In this study, we used experimental evolution to better understand the dynamics of genome architecture evolution and gene-order conservation. Why has gene order been conserved within positive-strand RNA virus orders and families? Are there accessible evolutionary trajectories to alternative orders, or is a lack of accessible trajectories an important impediment in present-day viruses? Here we use the two viable reordered TEV variants to address these issues. We first explore whether there are accessible evolutionary trajectories that result in these two viable reordered viruses. To consider whether such natural trajectories exist, genomes containing duplications of the NIb gene were generated, tested for viability, and evolved in plants. We consistently found that the NIb gene at the alternative position was rapidly lost owing to the occurrence of large genomic deletions.
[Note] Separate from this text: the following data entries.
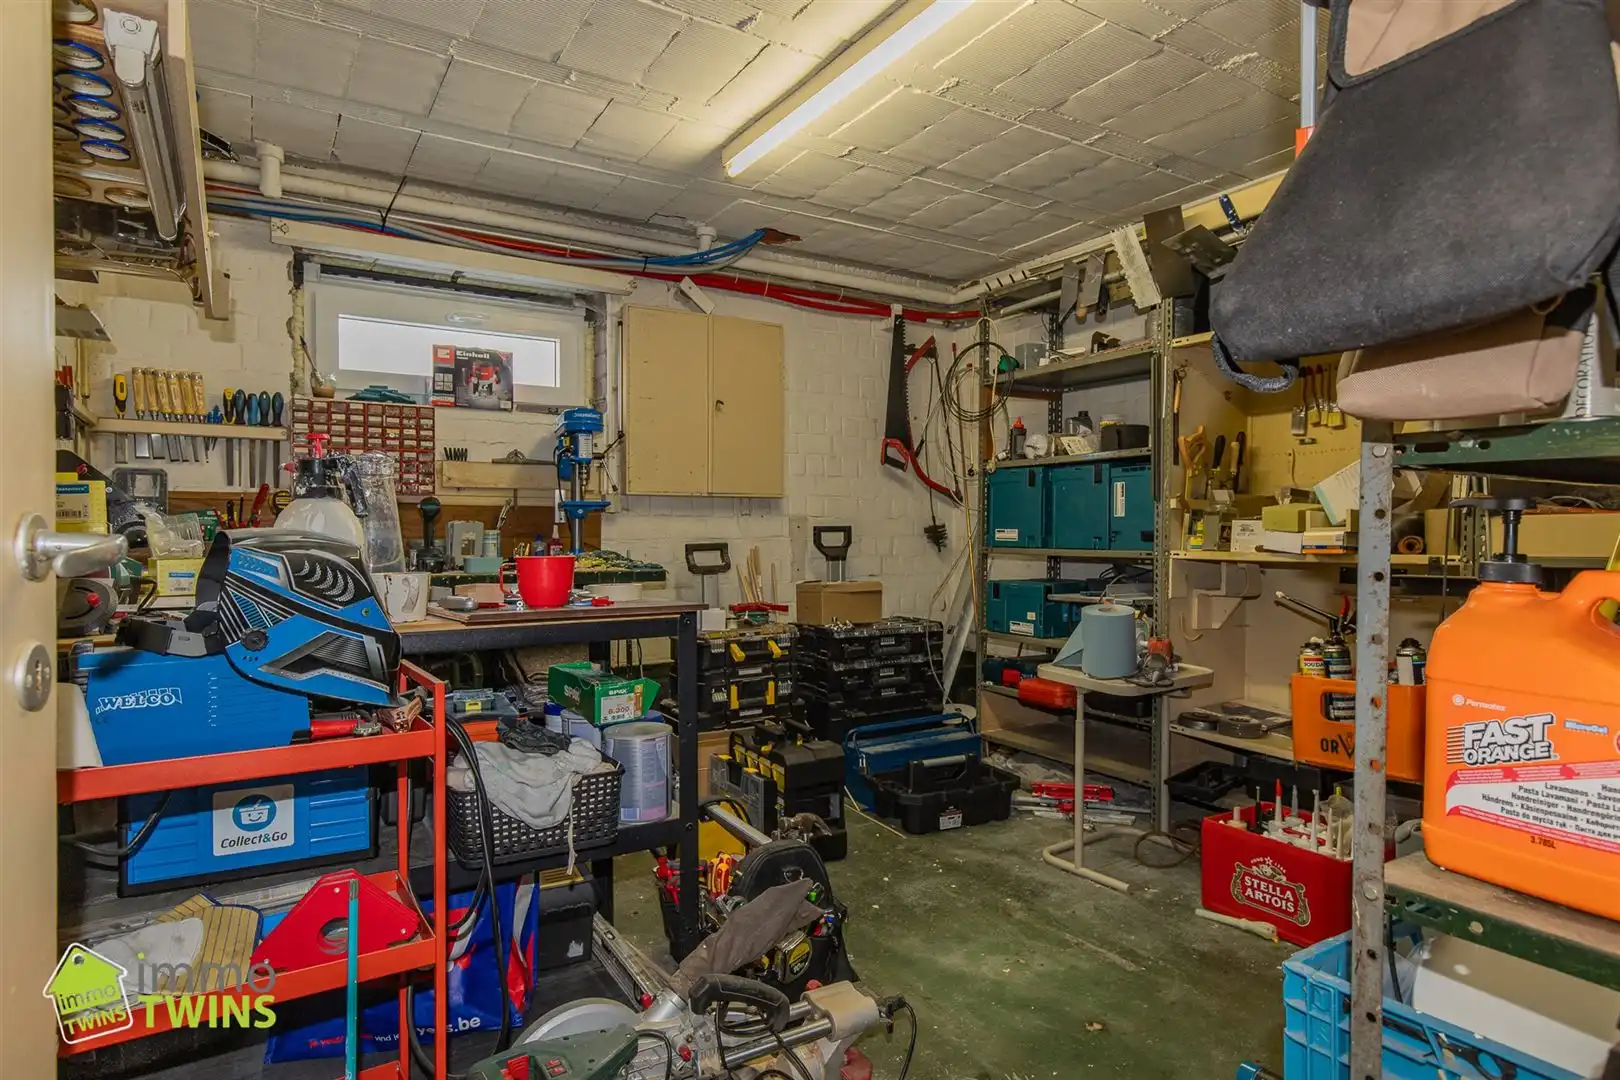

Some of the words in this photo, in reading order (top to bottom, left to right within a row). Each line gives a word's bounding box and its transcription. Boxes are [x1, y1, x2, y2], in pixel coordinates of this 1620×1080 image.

[456, 350, 490, 359] Einhell
[97, 688, 182, 713] WELCO
[1463, 713, 1555, 750] FAST
[1463, 741, 1553, 766] ORANGE
[1511, 792, 1559, 809] Handreiniger
[1518, 785, 1539, 796] Pasta
[1587, 799, 1611, 810] Pasta
[1501, 806, 1520, 817] Pasta
[221, 831, 288, 849] Collect&Go
[1244, 875, 1295, 902] STELLA
[1244, 887, 1295, 913] ARTOIS
Finally, we explored the evolutionary potential of viruses with reordered genomes by evolving viruses with a single NIb gene in an alternative position. We then measured virus accumulation and fitness and used next-generation sequencing to identify genomic changes. Although we found evidence for adaptation of these reordered viruses in terms of increasing virus accumulation, they were still less fit than the wild-type virus. This study therefore revealed multiple barriers to the evolution of alternative gene orders.
Materials and Methods
Viral constructs, virus stocks, and plant infections
TEV-NIb1-ΔNIb9, TEV-NIb2-ΔNIb9, TEV-NIb1-NIb9, and TEV-NIb2-NIb9 were generated from complementary DNA (cDNA) clones constructed using plasmid pGTEVa, which consists of a TEV infectious cDNA (accession no. DQ986288, including two silent mutations, G273A and A1119G) flanked by Cauliflower mosaic virus (CaMV) 35S promoter and terminator in a binary vector derived from pCLEAN-G181 (Thole et al. 2007). Clones were constructed using standard molecular biology techniques, including PCR amplification of cDNAs with the high-fidelity Phusion DNA Polymerase (Thermo Scientific), DNA digestion with Eco31I (Thermo Scientific) for assembly of DNA fragments (Engler et al. 2009), DNA ligation with T4 DNA Ligase (Thermo Scientific), and transformation of E. coli DH5α by electroporation. Sanger sequencing confirmed the sequences of the resulting plasmids. The ancestral and resulting binary plasmids were transformed in Agrobacterium tumefaciens C58C1 harboring helper plasmid pCLEAN-S48 (Thole et al. 2007). Nicotiana tabacum L cv. Xanthi (NN) plants were agroinoculated with A. tumefaciens cultures (Bedoya and Daròs 2010), and symptomatic tissue was collected 7 days postinoculation (dpi). To generate large virus stocks, the collected tissue was homogenized, ground into fine powder using liquid nitrogen and a mortar, and resuspended 1:1 in phosphate buffer (50 mM KH2PO4, pH 7.0, and 3% polyethylene glycol 6000). The third true leaf of 4-week-old N. tabacum plants was mechanically inoculated with 50 μl of the TEV genotypes. N. tabacum plants were kept in a BSL-2 greenhouse at 24° with 16 hr of light. All systemically infected tissues were harvested 7 dpi and stored at −80°.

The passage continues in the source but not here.